Annoyances over the main character aside, this issue is actually much better than the first one. With the reveal that the Fraternity of Raptors and Darkhawk suits are actually evil, Abnett and Lanning have added a nice twist to this storyline and it immediately started paying dividends with the duo of Talon and Darkhawk quickly taking out Catastrophus and claiming his Cosmic Control Rod for themselves.
Why didn't Catastrophus use the rod on the two Raptors? Well, he was actually using it to suppress Annihilus's growth and couldn't use it for himself without allowing Annihilus to awaken. That answers the question of whatever happened to Annihilus after he was reborn at the end of Annihilation. The two Raptors actually leave Annihilus alive as it will only further help their cause in the long run by having someone like Annihilus alive and in their debt.
Once the duo acquired the Cosmic Control Rod, they went on to request an audience with King Blastaar, who had taken up residence in Prison 42. Instead of using the rod themselves, they actually give it to Blastaar in good faith in hopes he'll aid their goals with regards to the War of Kings.
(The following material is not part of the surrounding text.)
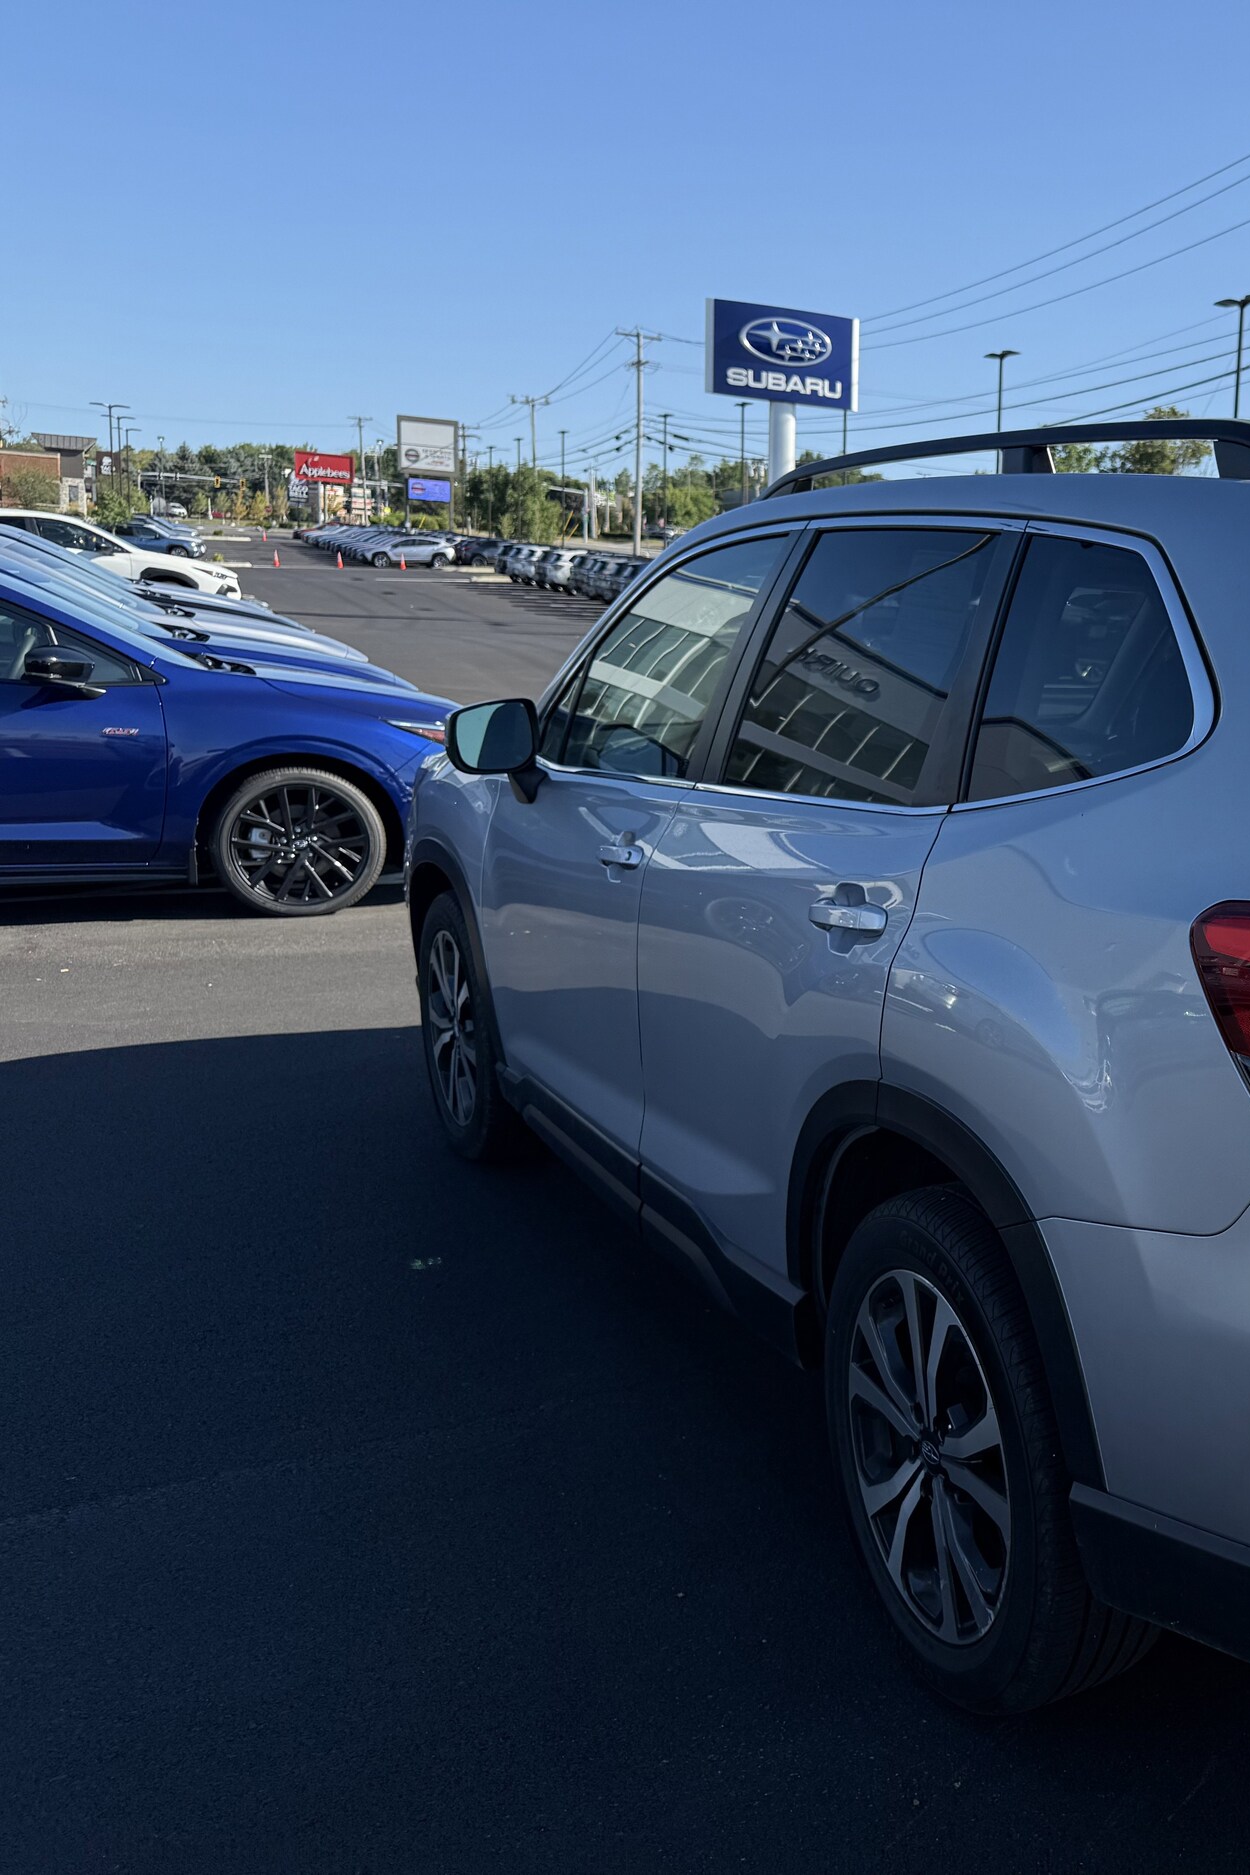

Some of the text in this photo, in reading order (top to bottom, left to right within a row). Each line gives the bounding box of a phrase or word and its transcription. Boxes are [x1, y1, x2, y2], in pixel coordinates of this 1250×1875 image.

[726, 367, 843, 399] SUBARU
[900, 1230, 965, 1306] Grand Prix
The remainder of the issue was devoted to Chris Powell, who was ousted from his Darkhawk armour and left in a limbo of sorts. DnA attempt to clear up his previous origin, which revolved around the Darkhawk armour being created by intergalactic mobsters and what not, by blaming it on Chris's mind not being able to handle the armour and datasong from the Fraternity and, thus, creating fake memories to help him cope.
I see what they attempted to do by going to the trouble of explaining his origin and retconning parts of it away, but I don't understand why they even bothered since the character is hardly well known or popular and barely qualifies as a Z-lister. For the amount of time they are spending on forcing the character into their storyline, they could have just as easily made a new one up and avoided the clutter and bullshit backstory and inner turmoil nonsense we've been subjected to so far.
Verdict - Check It. If I could gut the middle parts of this story dealing with Chris Powell's origin and innerself nonsense, I'd probably rate this issue an easy Must Read. Those parts are really dragging this miniseries down.